## TASK DETAILS
Each line below is to be set down again exactly.

(Free-text object descriptions)
++++

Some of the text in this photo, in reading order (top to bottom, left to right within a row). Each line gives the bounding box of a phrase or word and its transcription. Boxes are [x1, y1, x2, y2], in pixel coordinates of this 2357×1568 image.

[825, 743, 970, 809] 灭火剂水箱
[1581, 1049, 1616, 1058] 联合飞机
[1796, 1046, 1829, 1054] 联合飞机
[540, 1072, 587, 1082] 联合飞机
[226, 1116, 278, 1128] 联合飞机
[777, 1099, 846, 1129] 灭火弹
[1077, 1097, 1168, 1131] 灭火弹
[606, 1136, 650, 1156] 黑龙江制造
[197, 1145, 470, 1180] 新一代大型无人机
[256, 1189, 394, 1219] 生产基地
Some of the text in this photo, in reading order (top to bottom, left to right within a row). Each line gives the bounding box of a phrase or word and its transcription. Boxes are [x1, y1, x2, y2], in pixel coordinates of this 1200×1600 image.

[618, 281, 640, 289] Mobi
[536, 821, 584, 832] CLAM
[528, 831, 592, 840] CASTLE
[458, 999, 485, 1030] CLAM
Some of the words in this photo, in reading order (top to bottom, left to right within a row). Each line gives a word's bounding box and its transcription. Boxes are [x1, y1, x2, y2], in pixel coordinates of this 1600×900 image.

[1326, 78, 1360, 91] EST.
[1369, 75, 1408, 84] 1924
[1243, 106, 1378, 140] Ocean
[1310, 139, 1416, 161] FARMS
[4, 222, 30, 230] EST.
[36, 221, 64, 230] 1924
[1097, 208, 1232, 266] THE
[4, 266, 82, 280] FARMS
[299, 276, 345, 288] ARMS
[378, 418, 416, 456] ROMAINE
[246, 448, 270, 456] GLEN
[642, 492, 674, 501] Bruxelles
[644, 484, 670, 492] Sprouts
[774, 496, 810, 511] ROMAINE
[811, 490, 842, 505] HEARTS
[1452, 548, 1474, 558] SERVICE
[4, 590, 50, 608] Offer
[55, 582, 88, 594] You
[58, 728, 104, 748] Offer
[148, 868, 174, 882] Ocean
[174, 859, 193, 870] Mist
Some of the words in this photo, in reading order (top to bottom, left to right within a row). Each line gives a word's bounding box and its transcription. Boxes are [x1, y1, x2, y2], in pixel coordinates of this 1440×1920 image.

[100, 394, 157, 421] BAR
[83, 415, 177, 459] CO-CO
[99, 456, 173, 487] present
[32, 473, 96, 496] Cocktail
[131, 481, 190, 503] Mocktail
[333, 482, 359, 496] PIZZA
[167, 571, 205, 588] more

++++

## RESPONSE AREA
Some of the text in this photo, in reading order (top to bottom, left to right within a row). Each line gives the bounding box of a phrase or word and its transcription. Boxes are [x1, y1, x2, y2], in pixel coordinates of this 2357×1568 image.

[825, 743, 970, 809] 灭火剂水箱
[1581, 1049, 1616, 1058] 联合飞机
[1796, 1046, 1829, 1054] 联合飞机
[540, 1072, 587, 1082] 联合飞机
[226, 1116, 278, 1128] 联合飞机
[777, 1099, 846, 1129] 灭火弹
[1077, 1097, 1168, 1131] 灭火弹
[606, 1136, 650, 1156] 黑龙江制造
[197, 1145, 470, 1180] 新一代大型无人机
[256, 1189, 394, 1219] 生产基地
Some of the text in this photo, in reading order (top to bottom, left to right within a row). Each line gives the bounding box of a phrase or word and its transcription. Boxes are [x1, y1, x2, y2], in pixel coordinates of this 1200×1600 image.

[618, 281, 640, 289] Mobi
[536, 821, 584, 832] CLAM
[528, 831, 592, 840] CASTLE
[458, 999, 485, 1030] CLAM
Some of the words in this photo, in reading order (top to bottom, left to right within a row). Each line gives a word's bounding box and its transcription. Boxes are [x1, y1, x2, y2], in pixel coordinates of this 1600×900 image.

[1326, 78, 1360, 91] EST.
[1369, 75, 1408, 84] 1924
[1243, 106, 1378, 140] Ocean
[1310, 139, 1416, 161] FARMS
[4, 222, 30, 230] EST.
[36, 221, 64, 230] 1924
[1097, 208, 1232, 266] THE
[4, 266, 82, 280] FARMS
[299, 276, 345, 288] ARMS
[378, 418, 416, 456] ROMAINE
[246, 448, 270, 456] GLEN
[642, 492, 674, 501] Bruxelles
[644, 484, 670, 492] Sprouts
[774, 496, 810, 511] ROMAINE
[811, 490, 842, 505] HEARTS
[1452, 548, 1474, 558] SERVICE
[4, 590, 50, 608] Offer
[55, 582, 88, 594] You
[58, 728, 104, 748] Offer
[148, 868, 174, 882] Ocean
[174, 859, 193, 870] Mist
Some of the words in this photo, in reading order (top to bottom, left to right within a row). Each line gives a word's bounding box and its transcription. Boxes are [x1, y1, x2, y2], in pixel coordinates of this 1440×1920 image.

[100, 394, 157, 421] BAR
[83, 415, 177, 459] CO-CO
[99, 456, 173, 487] present
[32, 473, 96, 496] Cocktail
[131, 481, 190, 503] Mocktail
[333, 482, 359, 496] PIZZA
[167, 571, 205, 588] more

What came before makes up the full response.